Most but not all of the children over age five separated from their parents by U.S. immigration officials have been reunified as of Thursday night.
That is according to the Department of Homeland Security and the American Civil Liberties Union, which jointly released the information as part of a court-mandated status update. Of some 2,500 children detained, three-fourths have been either reunified or determined to be ineligible for reunification due to mitigating factors.
Recent Stories in Issues
The reunification is a product of on-going litigation in Ms. L. v. U.S. ICE, the case brought by the ACLU on behalf of separated families. Ms. L. came together following the uproar at the separation of parents and children at the southwestern border which was prompted by President Donald Trump's "zero-tolerance" prosecution policy.
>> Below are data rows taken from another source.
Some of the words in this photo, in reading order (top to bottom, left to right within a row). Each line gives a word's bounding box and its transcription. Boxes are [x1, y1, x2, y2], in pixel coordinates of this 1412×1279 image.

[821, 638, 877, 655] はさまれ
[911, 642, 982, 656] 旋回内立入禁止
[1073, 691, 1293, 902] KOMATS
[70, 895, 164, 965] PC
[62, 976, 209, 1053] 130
Trump has since ordered an end to family separation, but Ms. L. concerns the reunification of families separated in the period between the implementation of zero-tolerance and Trump's EO, as well as families separated for other reasons (the named plaintiff in Ms. L., for example, is an immigrant from the Congo).
Judge Dana Sabraw, who oversaw the Ms. L. litigation, had given the government a month to reunify all children with their families. Two weeks ago, it successfully reunified all children under the age of five with their parents, as specified in the original order. The government then had two weeks to meet Thursday's deadline.
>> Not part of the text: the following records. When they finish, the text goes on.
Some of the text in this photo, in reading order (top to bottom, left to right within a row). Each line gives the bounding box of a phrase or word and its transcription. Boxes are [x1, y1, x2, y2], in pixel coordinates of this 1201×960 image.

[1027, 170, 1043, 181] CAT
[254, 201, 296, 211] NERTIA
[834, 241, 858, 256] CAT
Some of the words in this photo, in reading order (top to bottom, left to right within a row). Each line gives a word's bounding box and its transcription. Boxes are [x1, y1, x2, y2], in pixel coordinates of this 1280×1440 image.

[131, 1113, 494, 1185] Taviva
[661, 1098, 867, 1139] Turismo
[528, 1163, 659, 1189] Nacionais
According to the data released by DHS, 2,551 children ages 5 to 17 were identified in the custody of the Office of Refugee Resettlement (ORR), the bureau of HHS responsible for caring for unaccompanied children. Of those, just over 1,800 were released from ORR custody, with the majority now detained with their parents by ICE. A number of children were also reunited with their parents already in the interior or in DHS custody, or had turned 18 by the time of reunification.
But 700 or so children remain separated from their parents. In that group, the majority's parents have been deported or otherwise left the country, while a further 170 have parents released into the interior or whose location is unknown. The remainder include 120 parents who waived reunification and 67 who DHS identified as having "red flags," i.e. evidence of abuse or criminal history.
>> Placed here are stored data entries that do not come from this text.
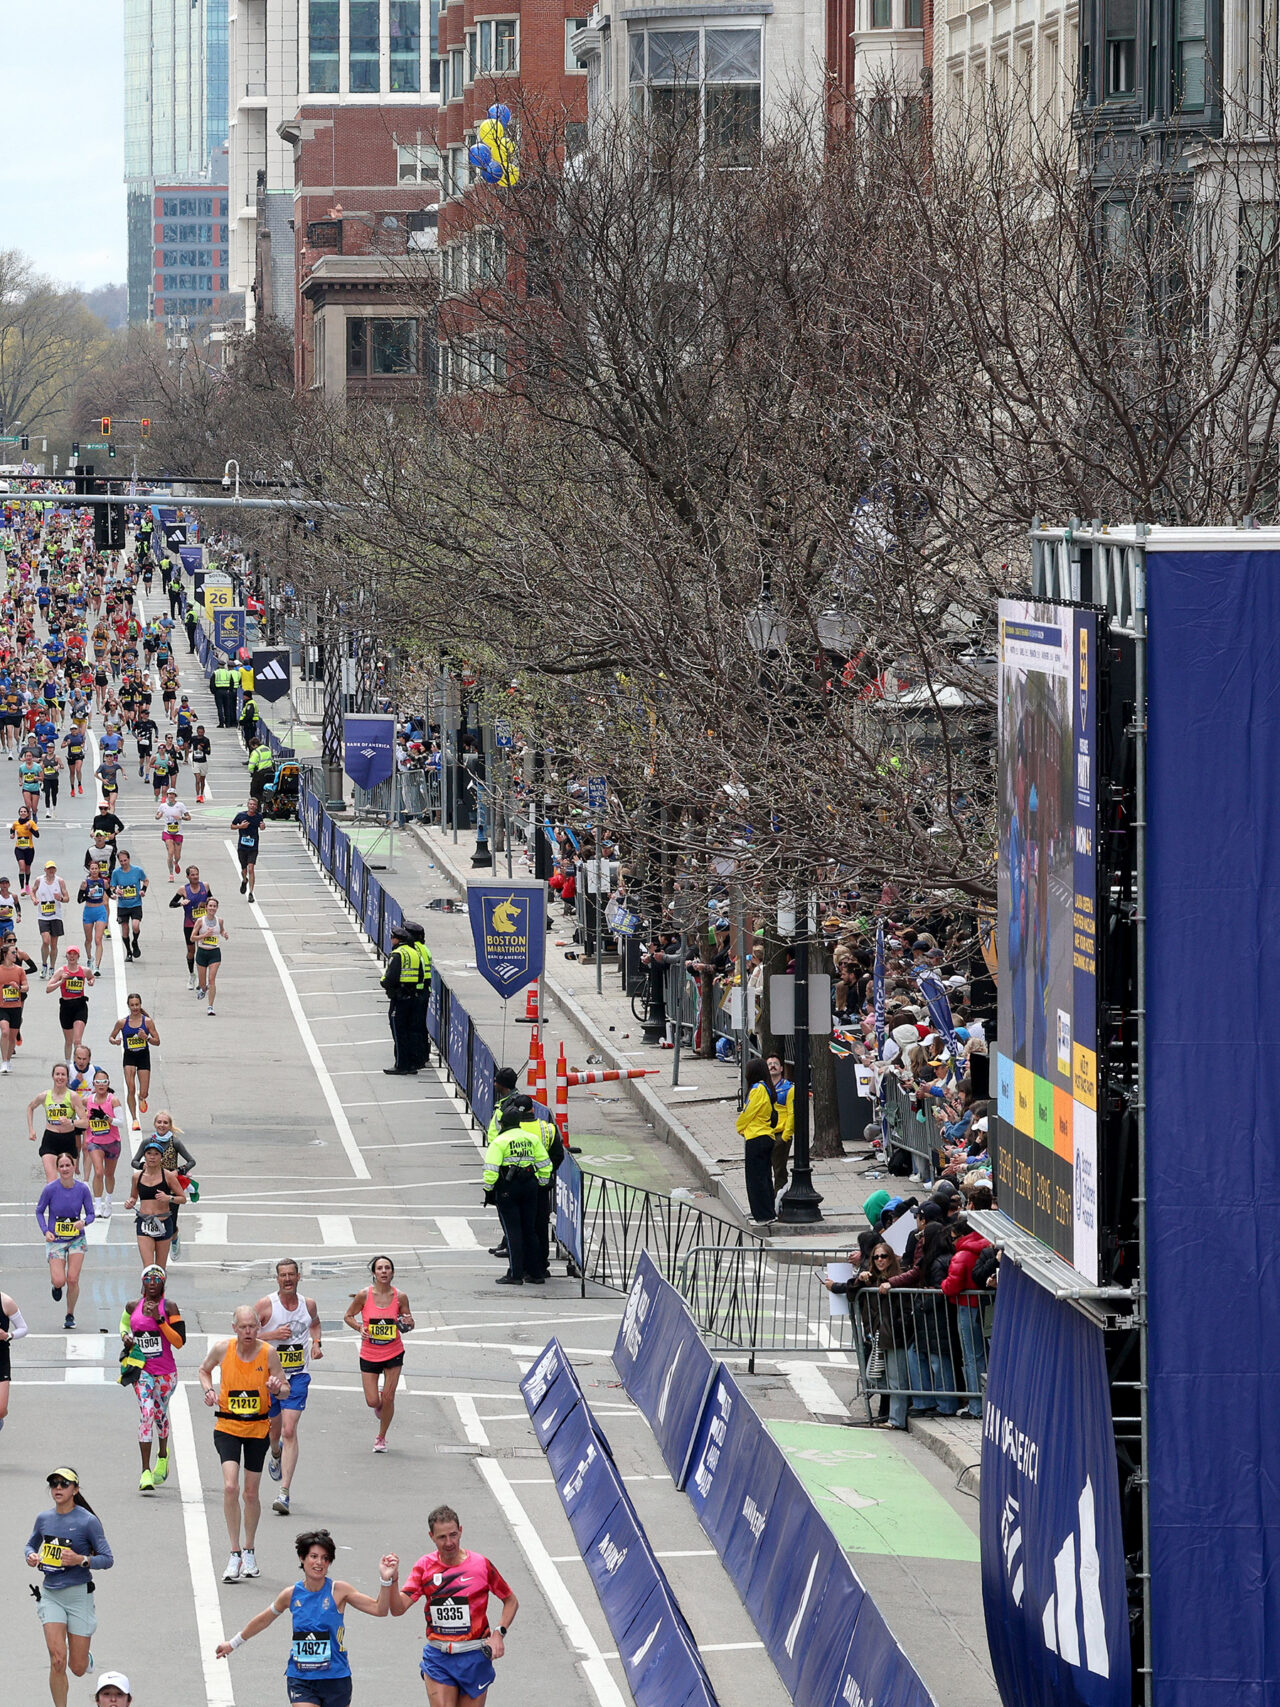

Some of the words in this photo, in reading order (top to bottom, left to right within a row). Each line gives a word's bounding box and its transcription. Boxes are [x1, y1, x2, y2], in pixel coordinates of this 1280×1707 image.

[209, 592, 228, 604] 26
[486, 935, 526, 945] BOSTON
[487, 945, 526, 953] MARATHON
[278, 1352, 303, 1362] 17850
[229, 1397, 259, 1410] 21212
[43, 1545, 63, 1561] 1740
[436, 1606, 464, 1622] 9335
[295, 1641, 329, 1657] 14927
The administration emphasized Friday morning that all children who had been remanded to ICE by ORR had since been reunified with their parents.
"As of Friday morning, the administration can confirm that we have reunified all eligible parents in ICE custody with children. The administration continues to comply in good faith with the court's requests while protecting the safety and well-being of all children in our care," a DHS spokesperson said Friday morning.
The ACLU expressed concern, however, about the children still in ORR custody, especially those whose parents had been deported. It called on the court to order the government to explain in detail what efforts they were making to reunify these additional children. It also contended that "evidence submitted yesterday" made clear that parents who had waived reunification did not realize they were doing so, and that many in fact wish to be reunited.
Judge Sabraw is expected to consider the ACLU's requests, and assess the success of family reunification, in a hearing Thursday afternoon.